▶ DATA FOR ANALYSIS
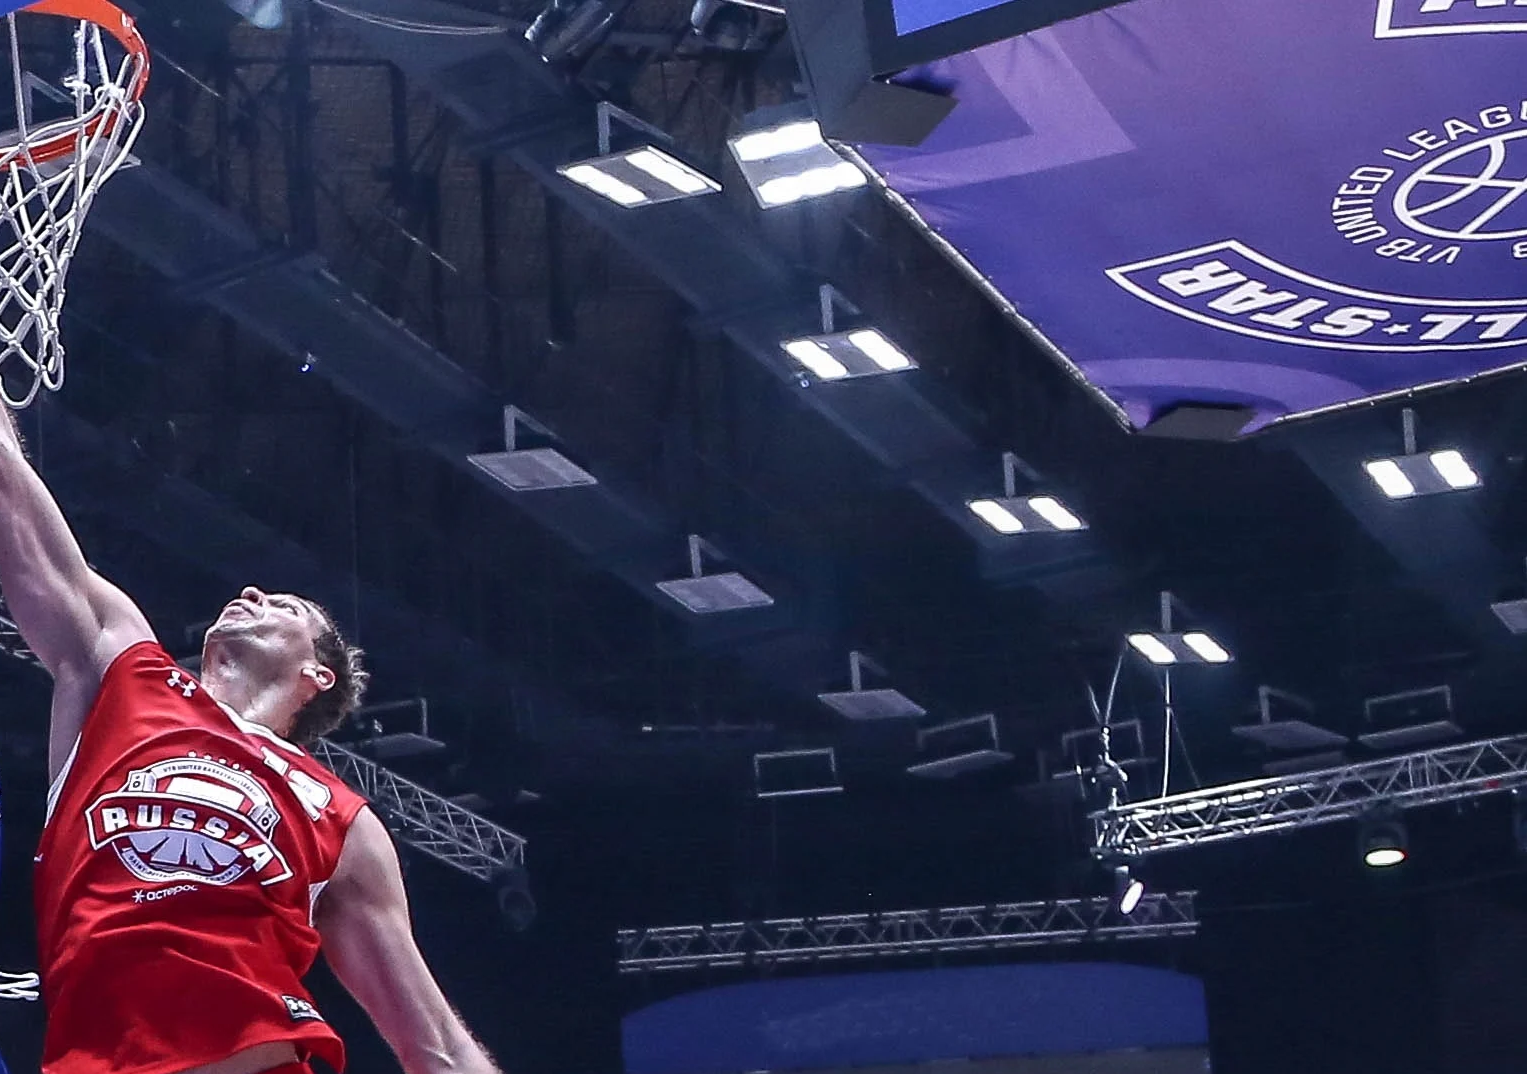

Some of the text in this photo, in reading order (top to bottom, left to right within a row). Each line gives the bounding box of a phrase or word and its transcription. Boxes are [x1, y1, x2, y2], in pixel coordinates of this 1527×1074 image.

[1382, 100, 1527, 162] LEAG
[1331, 164, 1395, 245] UNITED
[1375, 238, 1461, 264] VTB
[101, 803, 273, 873] RUSSIA

▶ TASK GOAL
Each entry is to be output exactly, and no picture is to appear.

▶ EXERCISE SOLUTION
Some of the text in this photo, in reading order (top to bottom, left to right within a row). Each line gives the bounding box of a phrase or word and its transcription. Boxes are [x1, y1, x2, y2], in pixel coordinates of this 1527×1074 image.

[1382, 100, 1527, 162] LEAG
[1331, 164, 1395, 245] UNITED
[1375, 238, 1461, 264] VTB
[101, 803, 273, 873] RUSSIA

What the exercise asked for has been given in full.